How I Built a Real-Time AI App with Cloudflare Durable Objects and Workers AI
• ⏱︎ 13 min read
A practical look at how to build a real-time, stateful AI interview app using Cloudflare Workers, Durable Objects, and Partykit — with per-user databases, streaming responses, and resilient WebSocket communication.
Want to see it in action?
🎙️ Live demo: www.preprecords.com
🎯 What Problem Are We Trying to Solve?
We want to build a real-time AI interview app that can:
- ✅ Show when the AI is “thinking” or generating a response
- 🔁 Keep state even if the user refreshes the page
- 🚀 Stream AI responses in real time
- 🧠 Offer hints after a user goes idle
- 🔒 Enforce per-user rate limits
⚙️ How we solve this:
- Cloudflare Durable Objects to persist state per user and per interview
- Partykit for WebSocket communication
- Workers AI for inference on the edge
- Lightweight SQLite DBs inside Durable Objects — fast and local
⚙️ TL;DR: Why Durable Objects?
Durable Objects are like tiny cloud computers, scoped to each user or interview. Each one has:
- Its own local SQLite database
- Ability to maintain state across requests
- WebSocket support for real-time sync
- Built-in alarm scheduling (like setTimeout on the edge)

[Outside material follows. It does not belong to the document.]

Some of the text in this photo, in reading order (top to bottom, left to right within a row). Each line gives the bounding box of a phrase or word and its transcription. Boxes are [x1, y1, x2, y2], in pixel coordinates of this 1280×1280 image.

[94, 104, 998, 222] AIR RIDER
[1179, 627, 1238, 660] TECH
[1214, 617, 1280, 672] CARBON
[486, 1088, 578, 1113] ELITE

This makes them perfect for scalable, low-latency AI apps.
🗺️ System Architecture
Here’s what our real-time AI architecture looks like:
🧩 Durable Objects + Workers AI
🧱 Core Components
🖥️ The Client: WebSocket Logic and Message Handling
Here’s how the client maintains a WebSocket connection, handles messages, and refreshes tokens when needed.
- Uses WebSocket to communicate with the server and stream AI responses.

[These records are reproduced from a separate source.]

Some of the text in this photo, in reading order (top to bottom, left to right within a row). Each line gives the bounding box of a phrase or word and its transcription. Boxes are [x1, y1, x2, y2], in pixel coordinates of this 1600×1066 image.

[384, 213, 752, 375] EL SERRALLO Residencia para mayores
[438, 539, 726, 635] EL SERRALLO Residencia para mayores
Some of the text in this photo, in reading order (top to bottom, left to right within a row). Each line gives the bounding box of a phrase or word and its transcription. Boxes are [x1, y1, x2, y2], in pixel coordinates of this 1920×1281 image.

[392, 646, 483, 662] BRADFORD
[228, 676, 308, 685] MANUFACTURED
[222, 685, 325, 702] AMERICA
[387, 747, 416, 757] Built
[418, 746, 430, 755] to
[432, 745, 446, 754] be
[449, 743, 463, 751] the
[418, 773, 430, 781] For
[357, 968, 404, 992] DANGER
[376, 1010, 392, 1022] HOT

- When we receive a message, we parse it using Zod schemas for type safety.
- When an interview message arrives we upsert it into local state. If we’re streaming a message, it might look like this:
socket message -> 'the cat..' socket message -> 'the cat in the..' socket message -> 'the cat in the hat' - We send a short lived token along with the query string to authenticate the WebSocket connection.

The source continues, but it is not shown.